"Lanet olsun. Ne oldu?"
İki tokatı da Sumei'nin attığı çok açıktı. Bu sadece Ejder ve Kaplan kardeşleri şaşırtmamıştı ayrıca izleyen kalabalığı da şaşırttı.
Sumei, Chu Feng'i yakalamaya çalışmıyor muydu? Kardeşler Sumei'ye yardım etmeye çalışmıyorlar mıydı? Bu durumda Sumei, niçin kardeşlere tokat atmıştı? Herkesin kafasını Sumei, Chu Feng'e değer veriyormuş gibi gözüktü ve herkesin aklını tamamen karıştırdı.
"Neye bakıyorsunuz? Bakacak ne var? Bakmaya devam ederseniz gözlerinizi oyacağım."
O anda, Sumei aniden döndü ve güzel yüzündeki şirinlik artık yoktu. İki gözünden çıkardığı soğuk bakış, insanları acayip korkuttu.
"İyi misin?" Kalabalığı korkuttuktan sonra Sumei, Chu Feng'e doğru yürüdü.
"Ben iyiyim. Bu hiçbir şey." Chu Feng ayağa kalktı ve parmaklarını dudaklarındaki kanı silmek için kullandı.
"Seni.... Seni şerefsiz." O anda, Sumei aniden farkına vardı. Saldırılardan dolayı kan tükürmüyordu, bu sadece onun kendi oyunuydu. Ve bu oyunculuk öyle gerçekti ki, onu bile kandırmıştı.

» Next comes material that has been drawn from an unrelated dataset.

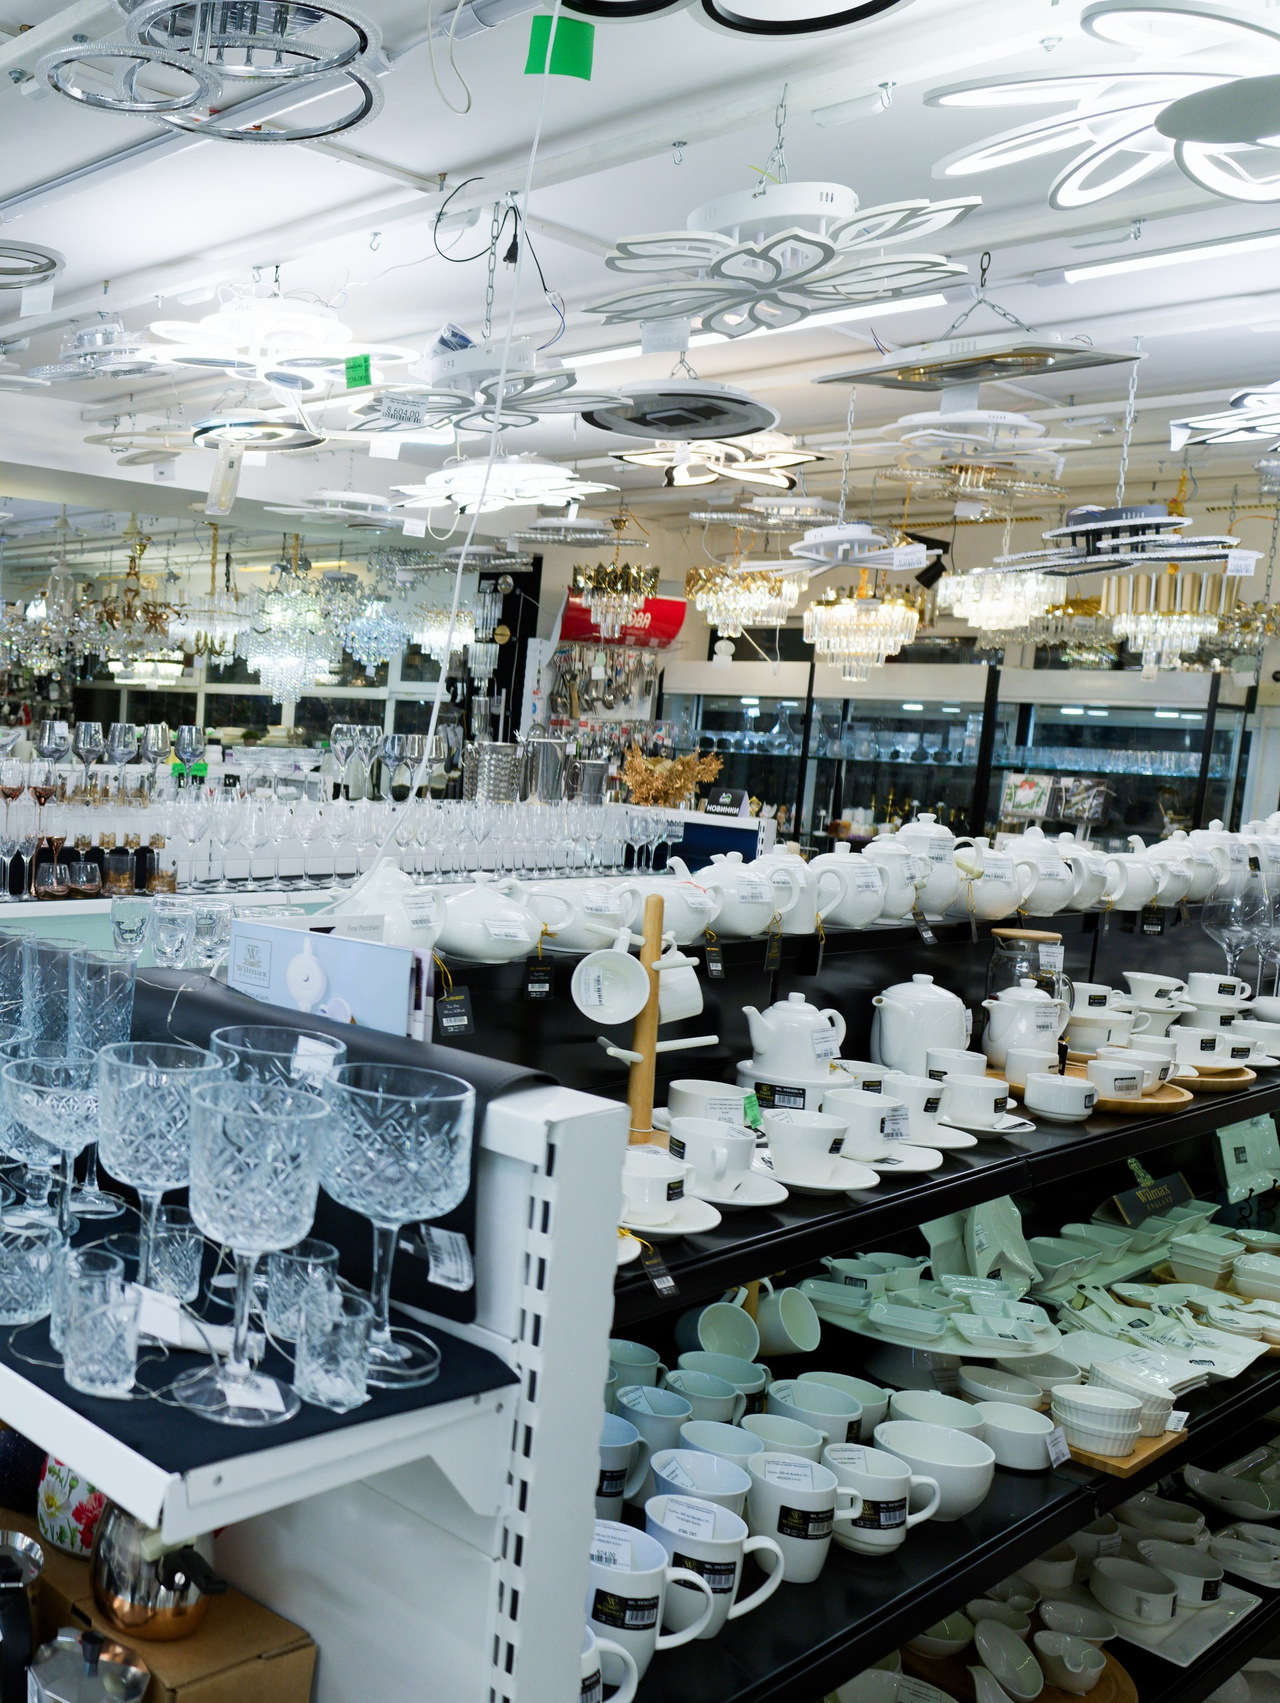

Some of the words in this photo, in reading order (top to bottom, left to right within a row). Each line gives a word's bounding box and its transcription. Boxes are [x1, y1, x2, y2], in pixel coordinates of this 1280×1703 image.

[706, 804, 740, 815] НОВИНКИ
[236, 963, 268, 978] Wilmax
[1135, 1184, 1171, 1204] Wilmax

O zaman, o anda, Sumei gerçekten üzerine atlamak ve Chu Feng'in yüzü çiziklerle dolana kadar çizmek istedi. Onu ipe bağlamak istedi ancak buna dayandı. Döndü, kardeşlere baktı ve sonra dedi ki: "Beni takip edin." Bundan sonra, onları çevreleyen kalabalığın dışına doğru yürüdü.
"Hımfff."
O an Ejder ve Kaplan kardeşler öfke doluydu. Böyle olsa bile, iç saha da hala ünlülerdi ve kalabalığın önünde Sumei'nin tokadından sonra daha fazla yüzleri kalmamıştı.
Ama Sumei'nin statüsü yüzünden, ona bir şey yapmaya cesaret edemediler. Onların gücü, Sumei gücünden çok uzaktı. Yani sonunda kardeşler sadece soğukça baktılar ve itaatkarca onu izlediler.
Kimsenin olmadığı boş bir yere geldikten sonra, Sumei içini çekti ve bir özür dileme yüzüyle dedi ki: "Şimdilik üzgünüm. Sadece Chu Feng, onun özel bir yeteneği var. Ben de yeni öğrendim, bu yüzden ona sorun oluşturamayız."
Sumei kardeşlere Chu Feng'in ruh gücü olduğunu söylemek istedi ve çok büyük olasılıkla onun gizemli teknikleri çalıştığını, ancak Chu Feng'in sırrını düşününce doğruyu tamamen söyleyemedi.
Sumei'nin sözlerini duyan kardeşler, derince düşündü. Chu Feng, Sumei'nin iyi izleniminden ne zaman kazanç sağlamaya başlamıştı?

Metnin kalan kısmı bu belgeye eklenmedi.